So my totally Type A son, who should be taking his OWN blood pressure several times a day, did an awesome job of reminding me why I can’t sit around and cry like a little girl. He said:

The bad: 1. Goofy left hand. 2. Goofy left knee. 3. Months of dumb ol' physical therapy and a few more pills to pop. The good: 1. The universe used the only feasible tactic to force you into positive physical change (quitting smoking, reducing stress, lowering blood pressure, more exercise.) Though, I'm sure you would have gotten around to most of that on your own. )2. Lots of family and friends to help you through it, like it or not... I saw one man in the stroke unit who had nobody in his room the entire two days I was around. 3. You've maintained your wonderful ability to write, to inspire, to think, to speak and to sing. 4. Semester off... maybe time for another poetry book or perhaps a novel about a Chechen warlord who sneaks into America to start a new life as a children's birthday clown? 5. Opportunity to pull off a cool cane with a concealed sword inside. 6. New appreciation for things previously taken for granted, and all that baloney. 7. You have a beautiful country acreage on which to recuperate. 8. More time to read, watch movies and maybe invest in Rosetta Stone French. 9. You taught your like-minded type A son to take stock and make similar positive changes before we both end up making goofy slack-jawed shadow puppets together. 10. You reminded your kids how lucky we are to have such a fantastic mom. We love you.

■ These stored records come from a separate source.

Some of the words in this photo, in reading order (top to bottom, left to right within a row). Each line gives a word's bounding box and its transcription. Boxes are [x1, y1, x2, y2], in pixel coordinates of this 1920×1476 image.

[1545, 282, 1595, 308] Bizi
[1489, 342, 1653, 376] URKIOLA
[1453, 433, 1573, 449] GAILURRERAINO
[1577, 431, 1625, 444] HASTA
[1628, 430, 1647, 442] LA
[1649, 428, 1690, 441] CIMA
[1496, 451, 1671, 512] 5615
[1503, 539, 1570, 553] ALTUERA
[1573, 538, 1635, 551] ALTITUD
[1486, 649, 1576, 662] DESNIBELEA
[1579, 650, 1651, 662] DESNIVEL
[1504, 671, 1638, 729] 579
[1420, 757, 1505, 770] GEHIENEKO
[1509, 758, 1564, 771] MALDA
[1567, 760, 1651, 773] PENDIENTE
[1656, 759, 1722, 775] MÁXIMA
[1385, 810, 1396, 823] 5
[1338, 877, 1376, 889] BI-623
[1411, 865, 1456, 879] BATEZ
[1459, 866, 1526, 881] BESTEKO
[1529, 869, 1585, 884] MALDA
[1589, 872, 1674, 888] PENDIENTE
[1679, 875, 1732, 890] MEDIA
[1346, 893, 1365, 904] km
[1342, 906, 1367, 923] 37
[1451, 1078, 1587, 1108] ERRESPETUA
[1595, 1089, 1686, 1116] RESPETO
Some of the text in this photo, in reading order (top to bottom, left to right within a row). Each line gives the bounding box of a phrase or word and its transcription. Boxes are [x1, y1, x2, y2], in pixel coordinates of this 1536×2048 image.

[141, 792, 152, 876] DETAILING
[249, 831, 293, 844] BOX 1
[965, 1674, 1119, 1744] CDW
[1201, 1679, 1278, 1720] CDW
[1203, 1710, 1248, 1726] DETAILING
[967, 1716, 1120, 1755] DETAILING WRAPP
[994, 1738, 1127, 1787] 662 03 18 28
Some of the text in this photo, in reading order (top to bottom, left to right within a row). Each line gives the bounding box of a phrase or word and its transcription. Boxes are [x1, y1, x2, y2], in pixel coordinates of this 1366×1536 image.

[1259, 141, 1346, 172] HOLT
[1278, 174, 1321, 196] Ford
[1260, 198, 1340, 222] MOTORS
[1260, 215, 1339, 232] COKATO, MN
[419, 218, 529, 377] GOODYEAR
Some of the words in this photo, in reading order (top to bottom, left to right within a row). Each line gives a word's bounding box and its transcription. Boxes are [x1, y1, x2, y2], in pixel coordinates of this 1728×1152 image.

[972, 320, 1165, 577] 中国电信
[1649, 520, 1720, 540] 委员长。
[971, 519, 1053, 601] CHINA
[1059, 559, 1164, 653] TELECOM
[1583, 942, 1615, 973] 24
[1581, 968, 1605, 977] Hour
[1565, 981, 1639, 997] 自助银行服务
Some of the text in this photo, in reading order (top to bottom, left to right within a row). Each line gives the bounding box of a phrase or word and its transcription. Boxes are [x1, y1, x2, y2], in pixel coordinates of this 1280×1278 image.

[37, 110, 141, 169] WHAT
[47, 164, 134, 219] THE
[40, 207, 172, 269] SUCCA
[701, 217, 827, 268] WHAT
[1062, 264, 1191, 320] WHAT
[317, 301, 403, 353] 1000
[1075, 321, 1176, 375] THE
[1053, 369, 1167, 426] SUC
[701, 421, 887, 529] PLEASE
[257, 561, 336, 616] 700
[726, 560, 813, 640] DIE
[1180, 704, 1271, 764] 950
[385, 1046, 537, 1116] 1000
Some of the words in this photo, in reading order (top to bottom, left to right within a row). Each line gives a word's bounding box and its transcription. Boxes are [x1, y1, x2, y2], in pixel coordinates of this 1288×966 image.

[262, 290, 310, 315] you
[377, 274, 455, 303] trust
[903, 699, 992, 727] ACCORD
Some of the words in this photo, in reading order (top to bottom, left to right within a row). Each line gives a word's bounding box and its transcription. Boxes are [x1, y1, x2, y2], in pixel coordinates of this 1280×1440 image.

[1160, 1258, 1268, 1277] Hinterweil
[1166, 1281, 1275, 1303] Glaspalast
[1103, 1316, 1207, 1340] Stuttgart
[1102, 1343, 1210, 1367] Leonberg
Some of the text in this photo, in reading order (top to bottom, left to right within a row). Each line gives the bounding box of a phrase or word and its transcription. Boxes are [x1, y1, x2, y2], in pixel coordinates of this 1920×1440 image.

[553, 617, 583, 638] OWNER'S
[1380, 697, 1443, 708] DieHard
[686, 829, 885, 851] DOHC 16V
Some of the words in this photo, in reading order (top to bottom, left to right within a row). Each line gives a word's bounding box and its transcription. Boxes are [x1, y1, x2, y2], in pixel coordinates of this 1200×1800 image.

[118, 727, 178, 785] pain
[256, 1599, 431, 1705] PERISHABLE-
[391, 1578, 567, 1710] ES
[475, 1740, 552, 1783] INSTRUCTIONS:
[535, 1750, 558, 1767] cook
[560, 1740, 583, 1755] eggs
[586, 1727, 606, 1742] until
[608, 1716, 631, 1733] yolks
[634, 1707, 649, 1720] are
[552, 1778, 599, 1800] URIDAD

I’m toying with the Chechen birthday clown novel idea, and believe me, I know how lucky I am to have such amazing kids. I should add that I’m also terribly grateful that Ray has the legs to pull off a nurse’s uniform. Oh yeah, and that my 77-year-old mommy is bringing me food, that my younger brother drove up from Kansas and bought me a bag of 100 therapy balls (stupid floppy arm keeps chucking them under the furniture), and that my daughter brought me homemade lentil dahl and cookies. Heck, if all the function came back this minute, I’m not sure I would tell…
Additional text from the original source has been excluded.